28 octubre 2023

Custodio Tejada. Brújula veleta

 



Ulises navegando en nuestras venas 
mientras escribe con otra voz en nuestra carne, 
la sombra de una brújula veleta 
que se torna en destino 
solaz y frío, ausente,

escribe Custodio Tejada en uno de los tres poemas preliminares de ‘Los ojos del viaje’, primera de las tres partes en las que organiza su Brújula veleta, el libro que toma título precisamente de unas palabras de ese poema.

Su parte central, ‘Geografía y estilo’, se subtitula ‘Libro de brújulas’ y es un conjunto de poemas que evocan viajes por decenas de lugares, de travesías exteriores en las que predomina la mirada contemplativa del viajero poeta que reúne en estos versos la experiencia del viaje y su elaboración verbal en personal recreación poética de la escritura. 
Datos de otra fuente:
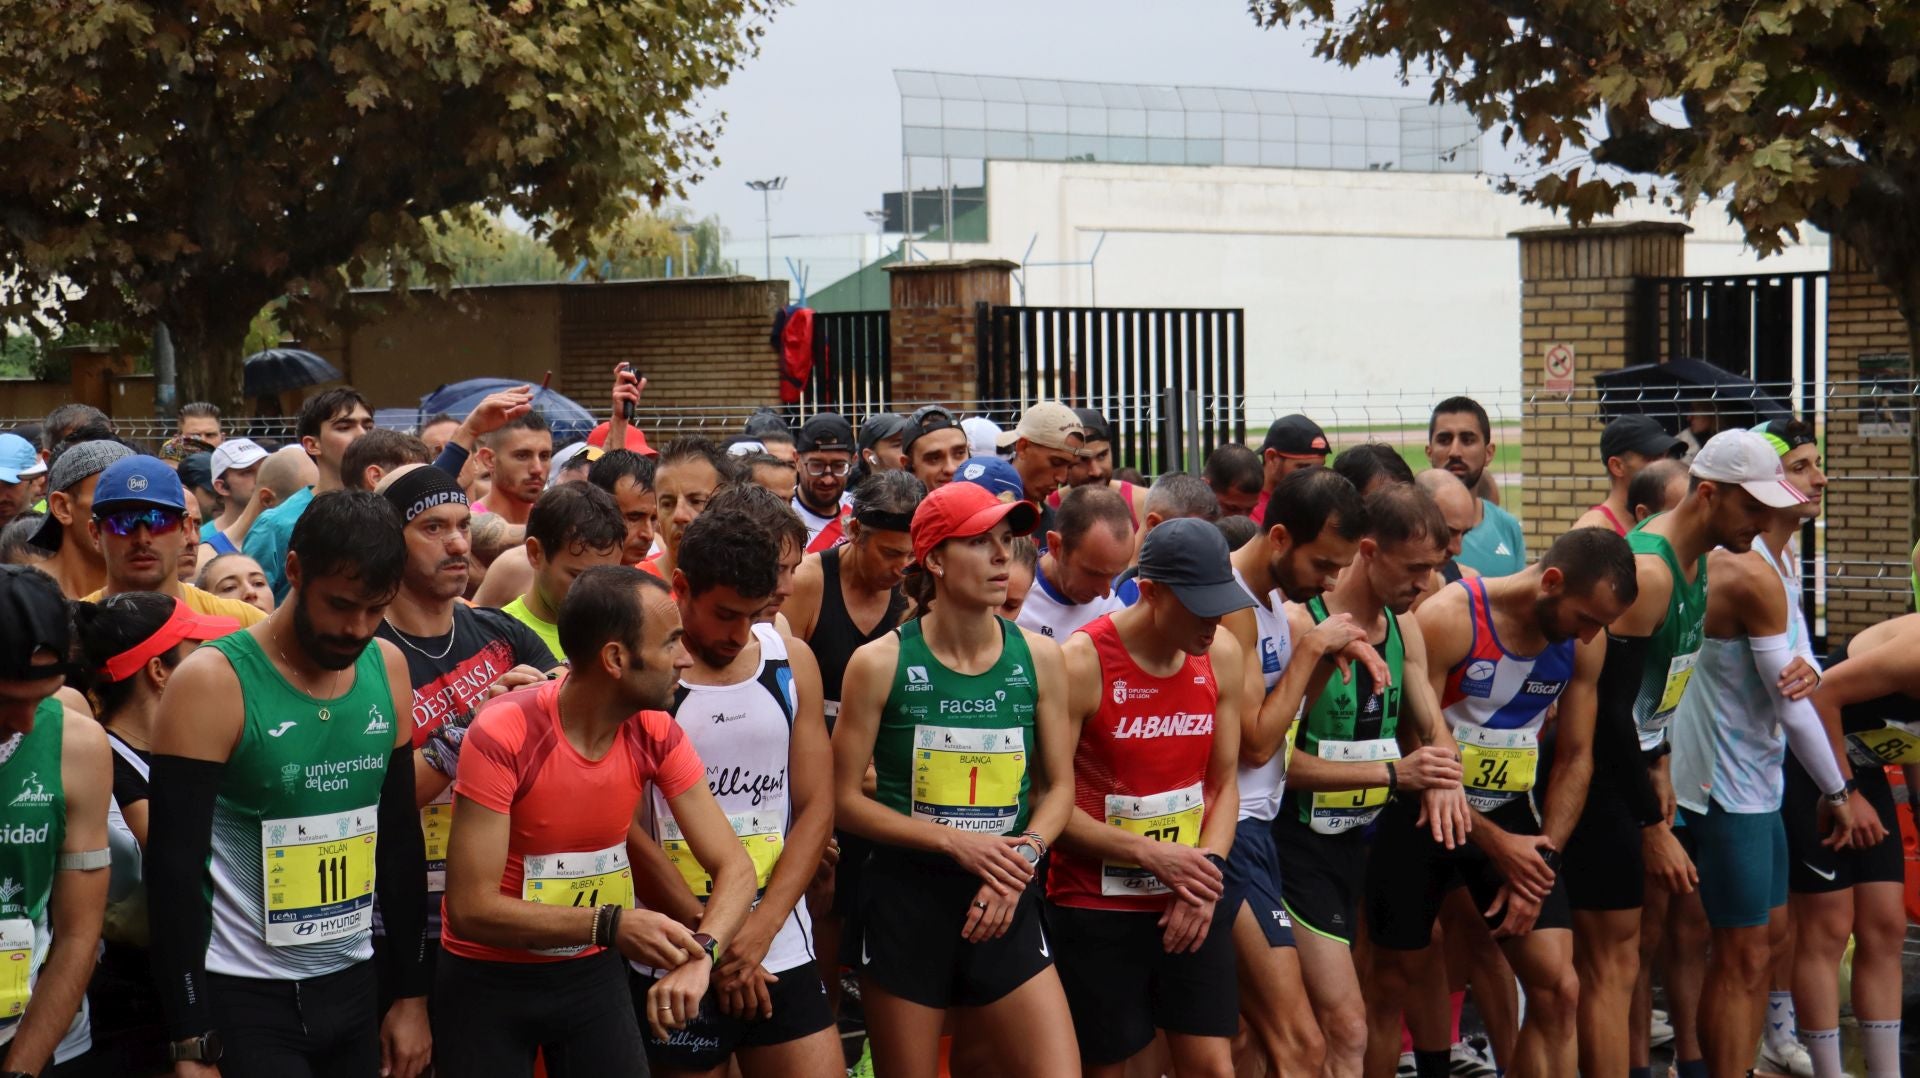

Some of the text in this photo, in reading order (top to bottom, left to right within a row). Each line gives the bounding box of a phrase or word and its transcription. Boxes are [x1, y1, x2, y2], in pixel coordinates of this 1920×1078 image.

[130, 478, 147, 489] Buff
[1526, 682, 1560, 694] Toscaf
[412, 660, 498, 729] DESPENSA
[945, 733, 952, 744] k
[1005, 735, 1010, 745] k
[1479, 731, 1485, 741] k
[1343, 746, 1349, 755] k
[305, 753, 384, 778] universidad
[960, 755, 992, 765] BLANCA
[1472, 758, 1509, 790] 34
[968, 766, 978, 805] 1
[1133, 802, 1140, 812] k
[356, 816, 362, 826] k
[752, 817, 759, 827] k
[955, 819, 1006, 830] HYUNDAI
[1148, 816, 1177, 829] JAVIER
[298, 825, 306, 835] k
[613, 852, 619, 862] k
[557, 859, 564, 870] k
[318, 855, 347, 904] 111
[320, 911, 362, 932] HYUNDAI
Porque el viaje transforma al viajero y se convierte en itinerario interior de conocimiento y reparación y la razón final del viaje “es descubrirse a sí mismo / a través de la mirada de otro. / Un viaje interior que va de lo etéreo / a lo tangible, / desde lo que se ve a lo que se intuye, / de lo que olvidas a lo que recuerdas.”

Viajes reales o imaginarios que van del museo del Prado a Tenerife, de El Cairo a Roma o a París, de Toledo a Cuba con la literatura o con el chocolate negro, desde el itinerario cósmico de la física cuántica a los haikus del “Diario del covid”, de Praga a Casablanca y a Fez o desde el granadino Puerto de la mora a Mombasa en un adelantamiento, “sabiendo que cualquier mirada mía / jamás volverá al mismo lugar en la que estuvo / ni será dos veces fuego o ceniza.”
 
La tercera parte, ‘Metapoética del paso’, se construye sobre una mirada más reflexiva, más interior, una filosofía del viaje y del viajero de la que puede ser un buen resumen este poema titulado “Poética del viaje”:

El alma de los sitios, 
la voz de los paisajes, 
las costumbres y su eco, 
el fósforo diario, 
la sombra de las piedras, 
el cuarto con su cama, 
el hábito del sol 
y la rutina.
Eso hace el caminante, 
embalsamar la vida en el lenguaje, 
como un taxidermista 
que cuelga de paredes 
los kilómetros recorridos, lágrimas, 
anécdotas, cabezas y sonrisas.
Pisadas cuya huella 
convierten la memoria 
en un museo vivo 
de gestos y ojos 
o en un lugar de tránsito 
que lleva al silencio.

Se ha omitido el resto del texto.